What you have to do: Copy the entries without a single change. Pictures should be dropped.

Records shown:

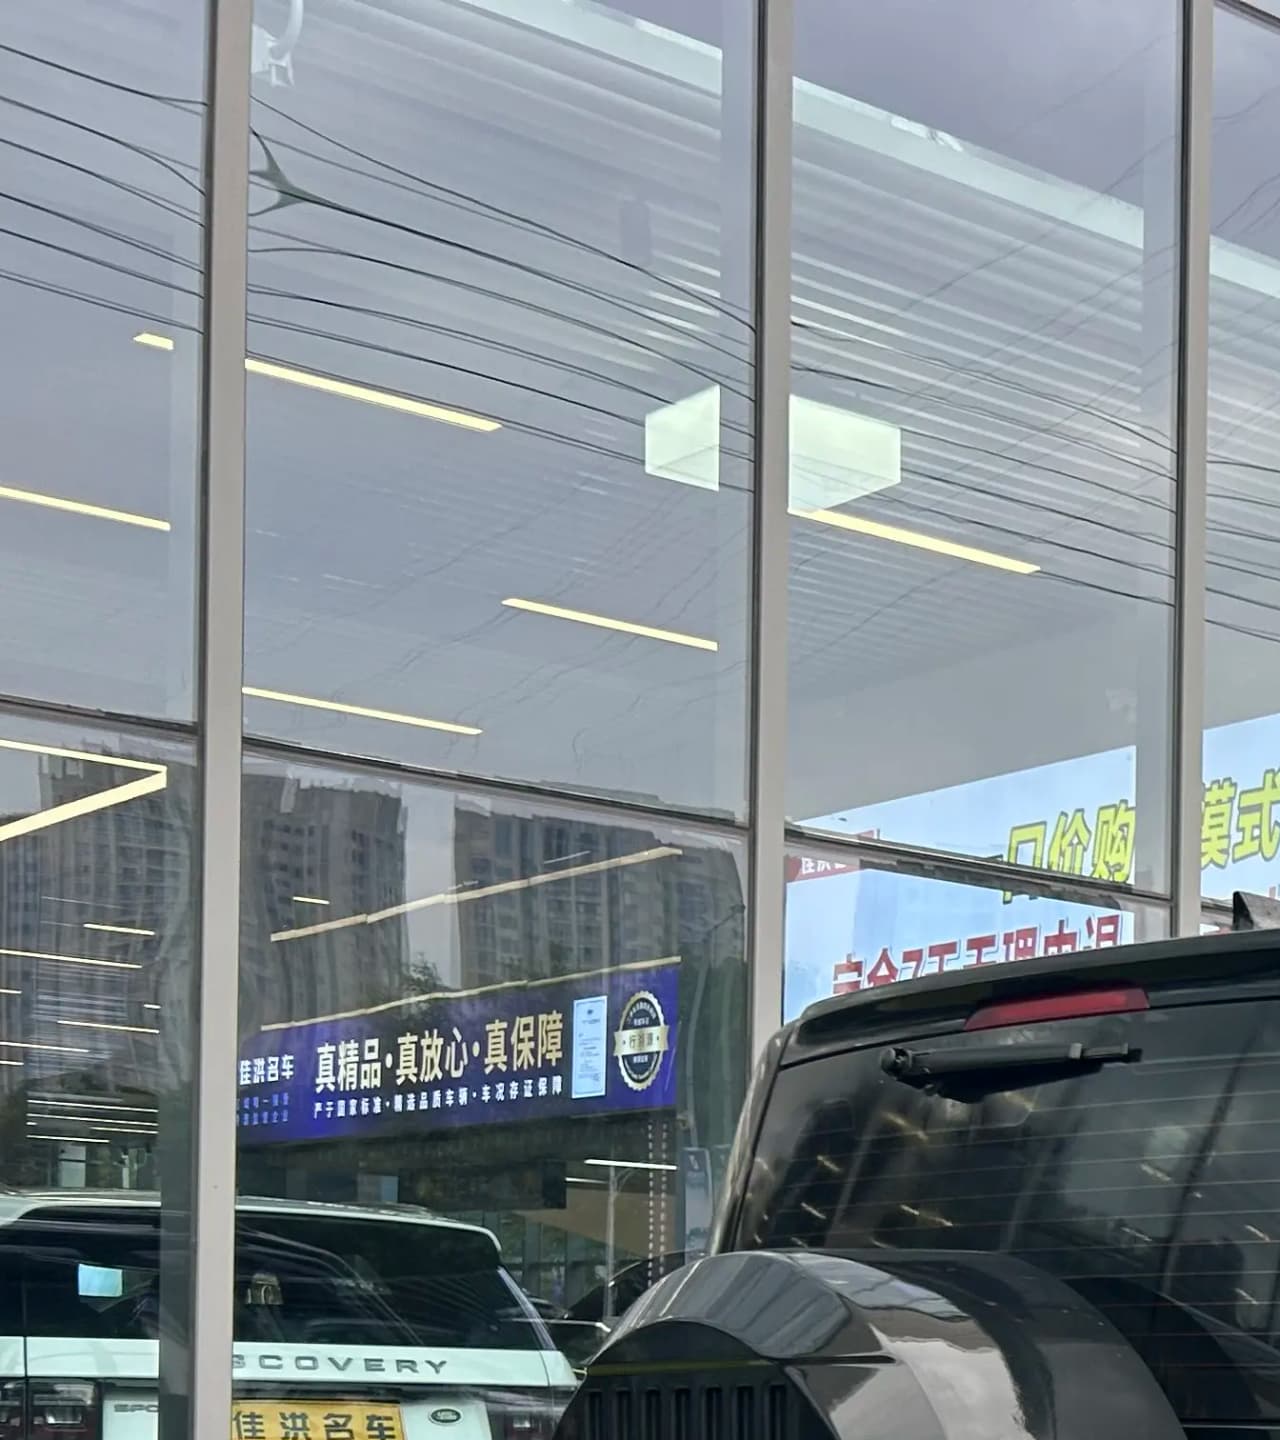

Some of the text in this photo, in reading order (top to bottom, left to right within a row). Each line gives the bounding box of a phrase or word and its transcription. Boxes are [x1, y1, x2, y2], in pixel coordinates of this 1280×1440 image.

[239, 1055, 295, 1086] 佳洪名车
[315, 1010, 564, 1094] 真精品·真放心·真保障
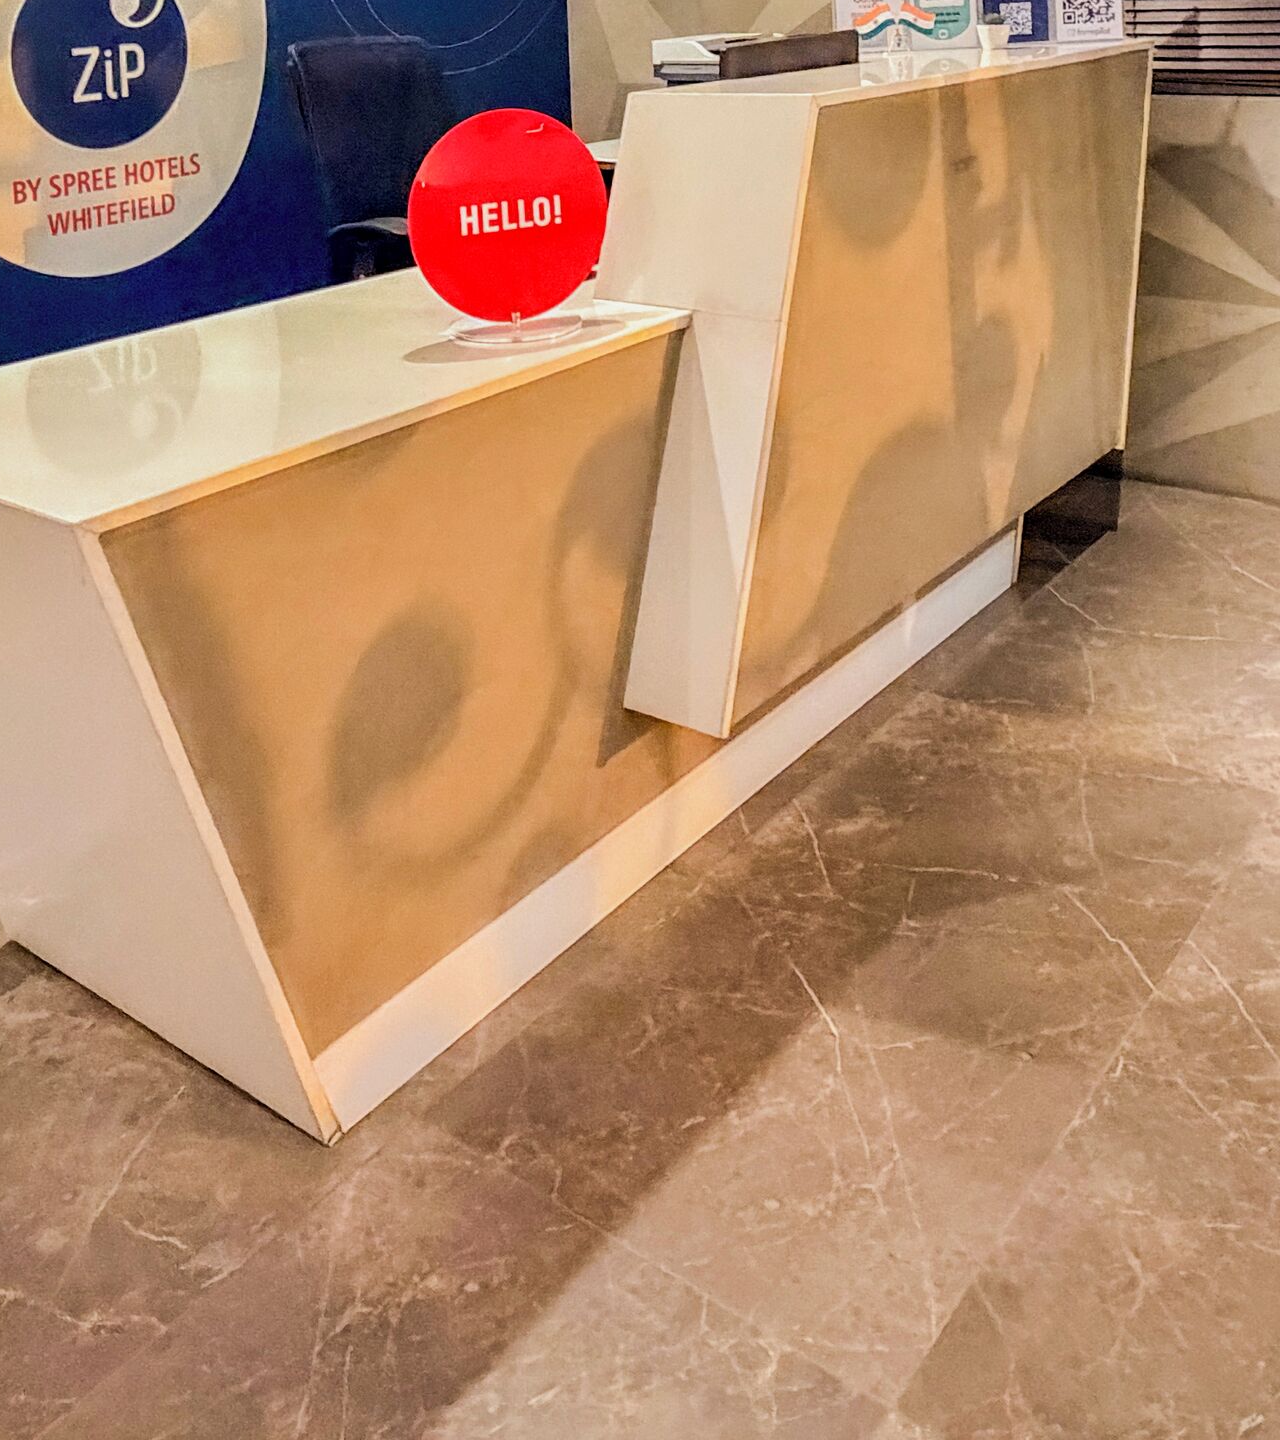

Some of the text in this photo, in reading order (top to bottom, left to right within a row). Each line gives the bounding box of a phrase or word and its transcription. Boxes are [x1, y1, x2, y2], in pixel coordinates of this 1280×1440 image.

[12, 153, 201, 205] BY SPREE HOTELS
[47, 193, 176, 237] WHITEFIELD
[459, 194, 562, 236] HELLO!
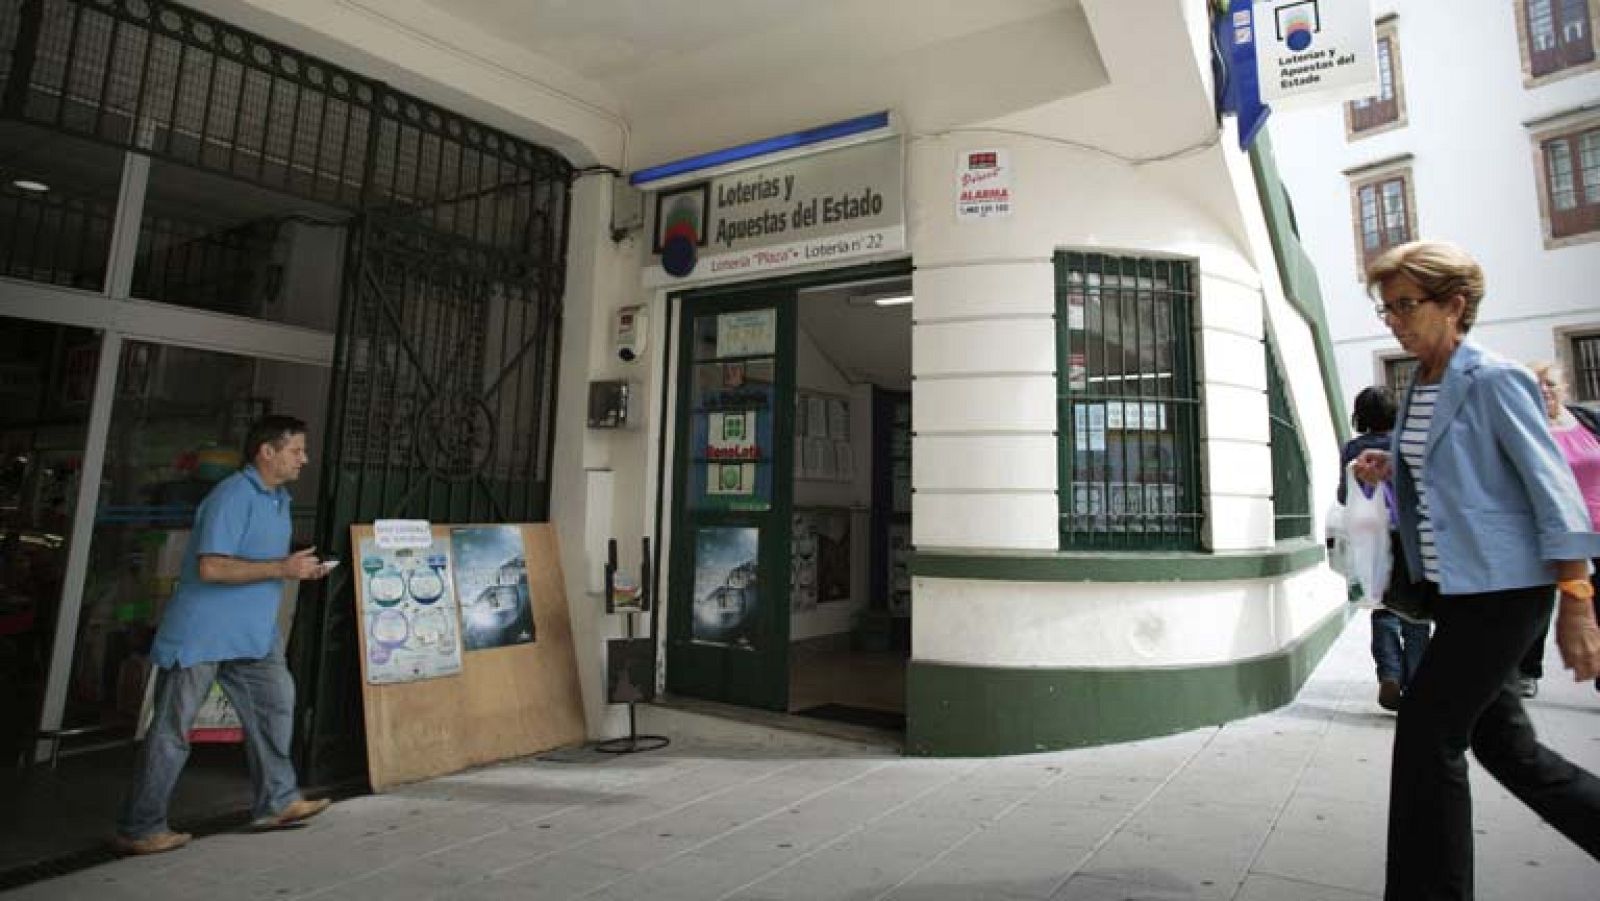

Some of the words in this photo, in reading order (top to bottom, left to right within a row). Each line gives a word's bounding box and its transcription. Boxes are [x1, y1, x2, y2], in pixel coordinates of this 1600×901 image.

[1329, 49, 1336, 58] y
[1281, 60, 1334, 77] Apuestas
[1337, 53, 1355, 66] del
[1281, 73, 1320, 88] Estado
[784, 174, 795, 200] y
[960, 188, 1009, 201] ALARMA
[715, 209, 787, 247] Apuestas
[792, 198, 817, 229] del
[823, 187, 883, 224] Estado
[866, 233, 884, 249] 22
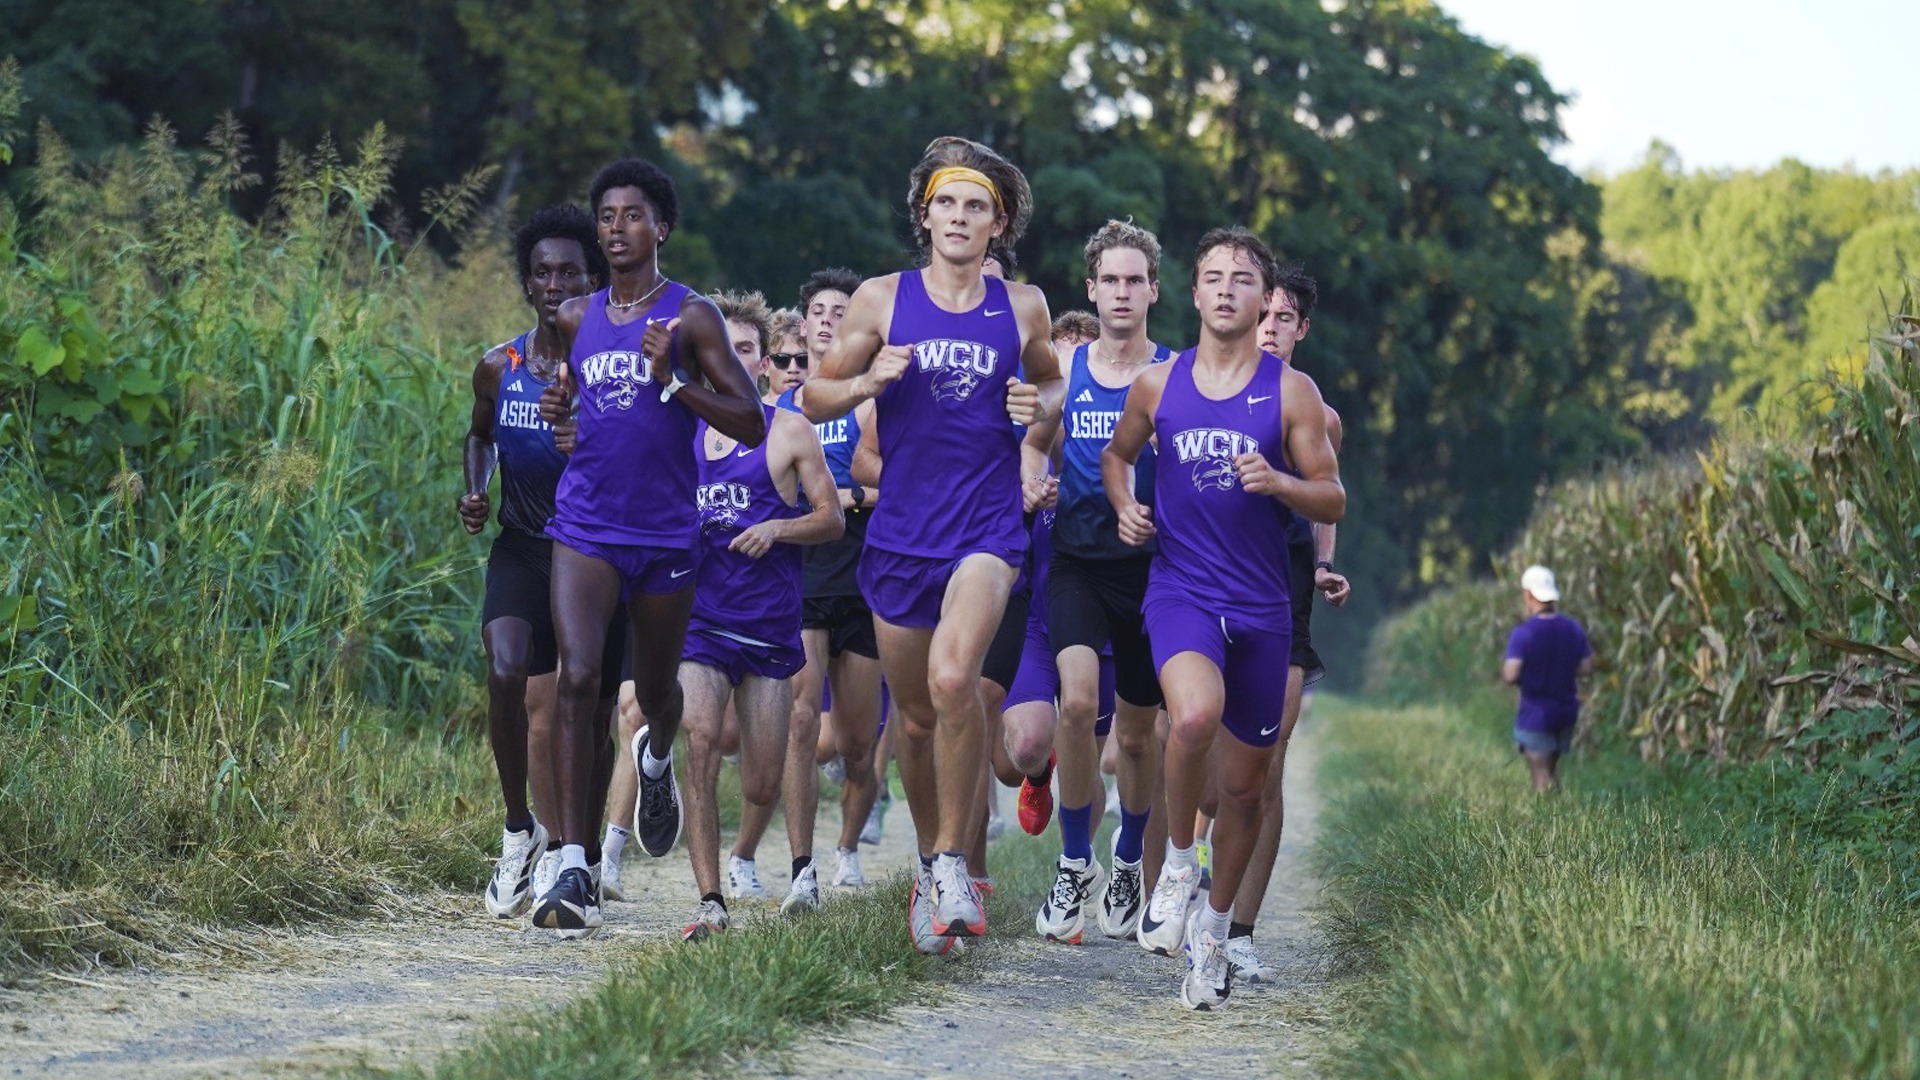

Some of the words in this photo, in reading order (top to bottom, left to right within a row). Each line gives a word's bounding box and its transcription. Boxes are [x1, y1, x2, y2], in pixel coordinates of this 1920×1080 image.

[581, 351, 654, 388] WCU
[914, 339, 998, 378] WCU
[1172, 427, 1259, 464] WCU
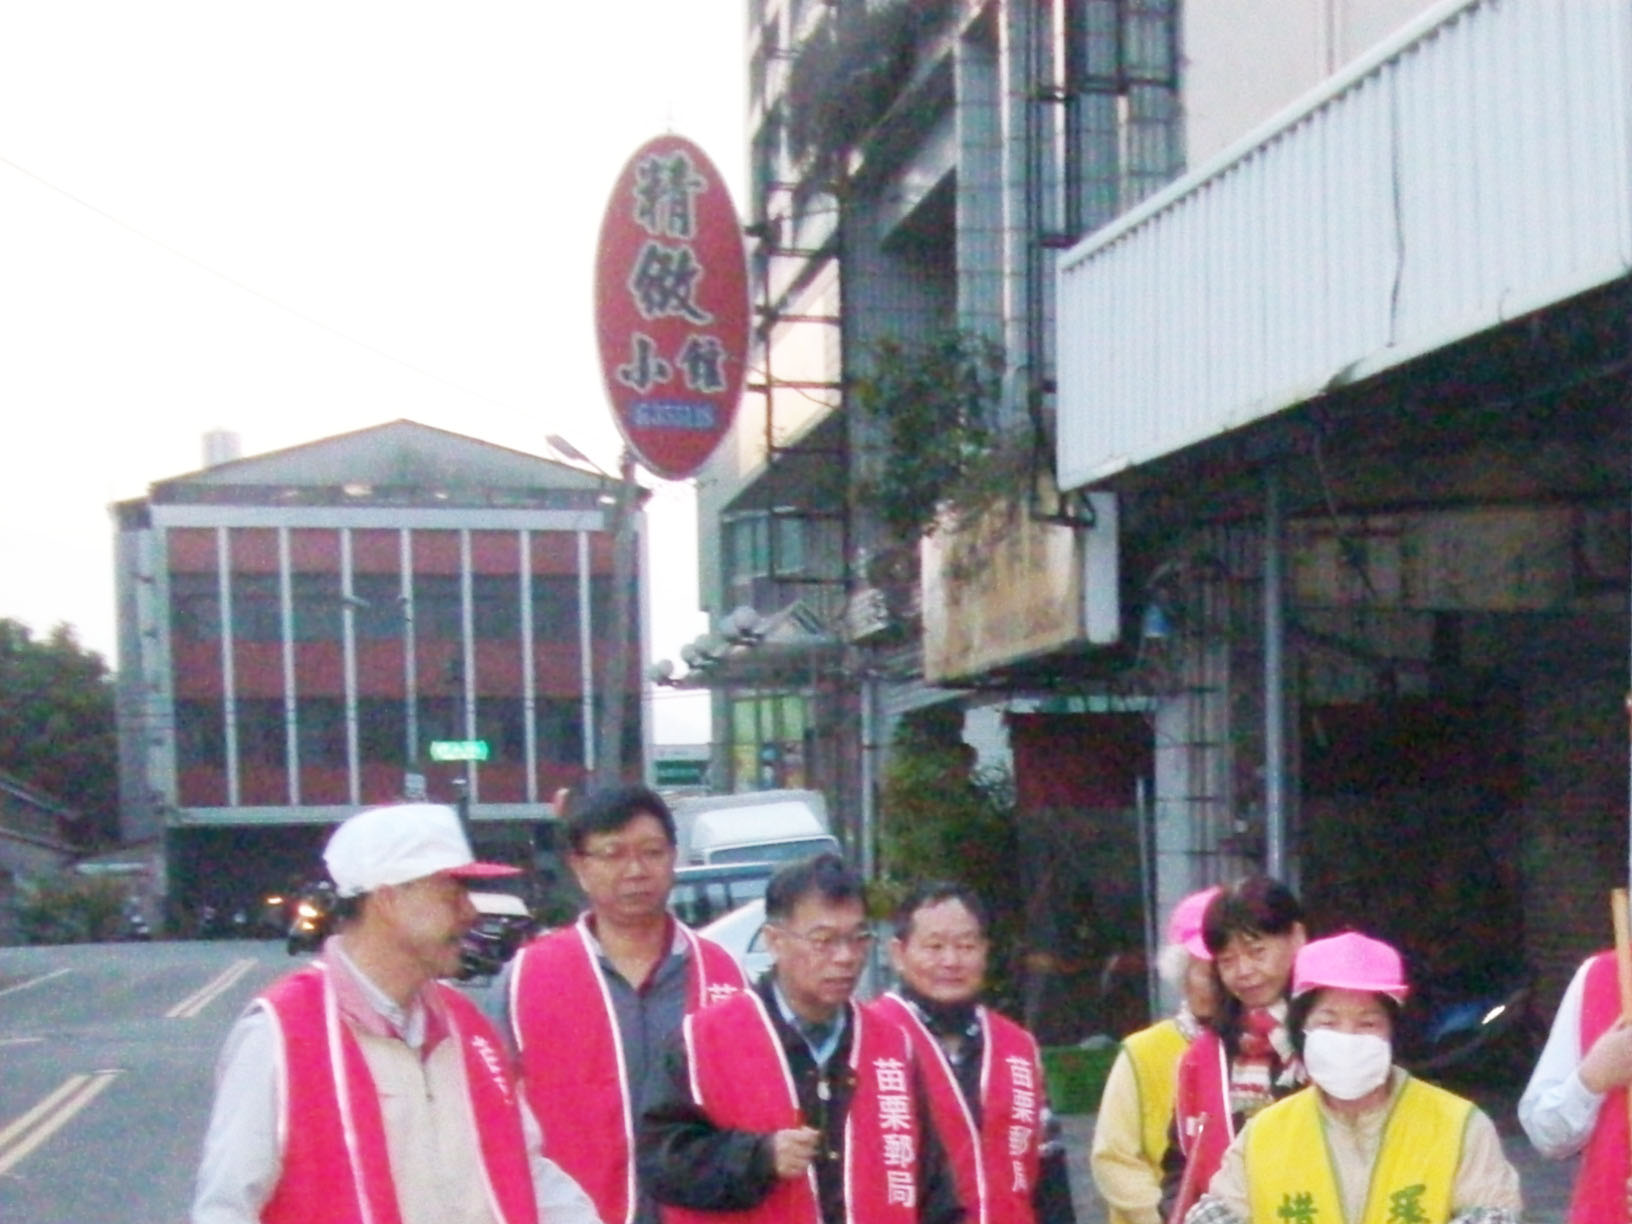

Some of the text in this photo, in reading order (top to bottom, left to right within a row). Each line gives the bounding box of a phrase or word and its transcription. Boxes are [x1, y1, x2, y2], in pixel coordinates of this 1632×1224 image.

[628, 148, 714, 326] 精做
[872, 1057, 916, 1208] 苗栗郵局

Answer for the task:
Some of the text in this photo, in reading order (top to bottom, left to right within a row). Each line gives the bounding box of a phrase or word and its transcription. Boxes are [x1, y1, x2, y2], in pixel coordinates of this 1280×1440 image.

[239, 1055, 295, 1086] 佳洪名车
[315, 1010, 564, 1094] 真精品·真放心·真保障

Some of the text in this photo, in reading order (top to bottom, left to right within a row). Each line gives the bounding box of a phrase or word and its transcription. Boxes are [x1, y1, x2, y2], in pixel coordinates of this 1280×1440 image.

[12, 153, 201, 205] BY SPREE HOTELS
[47, 193, 176, 237] WHITEFIELD
[459, 194, 562, 236] HELLO!

Some of the words in this photo, in reading order (top to bottom, left to right within a row). Each line gives a word's bounding box and its transcription. Boxes are [x1, y1, x2, y2], in pixel coordinates of this 1600×901 image.

[1329, 49, 1336, 58] y
[1281, 60, 1334, 77] Apuestas
[1337, 53, 1355, 66] del
[1281, 73, 1320, 88] Estado
[784, 174, 795, 200] y
[960, 188, 1009, 201] ALARMA
[715, 209, 787, 247] Apuestas
[792, 198, 817, 229] del
[823, 187, 883, 224] Estado
[866, 233, 884, 249] 22

Some of the words in this photo, in reading order (top to bottom, left to right within a row). Each line gives a word's bounding box and its transcription. Boxes are [x1, y1, x2, y2], in pixel coordinates of this 1920×1080 image.

[581, 351, 654, 388] WCU
[914, 339, 998, 378] WCU
[1172, 427, 1259, 464] WCU

Some of the text in this photo, in reading order (top to bottom, left to right within a row). Each line gives the bounding box of a phrase or word and its transcription. Boxes are [x1, y1, x2, y2], in pixel coordinates of this 1632×1224 image.

[628, 148, 714, 326] 精做
[872, 1057, 916, 1208] 苗栗郵局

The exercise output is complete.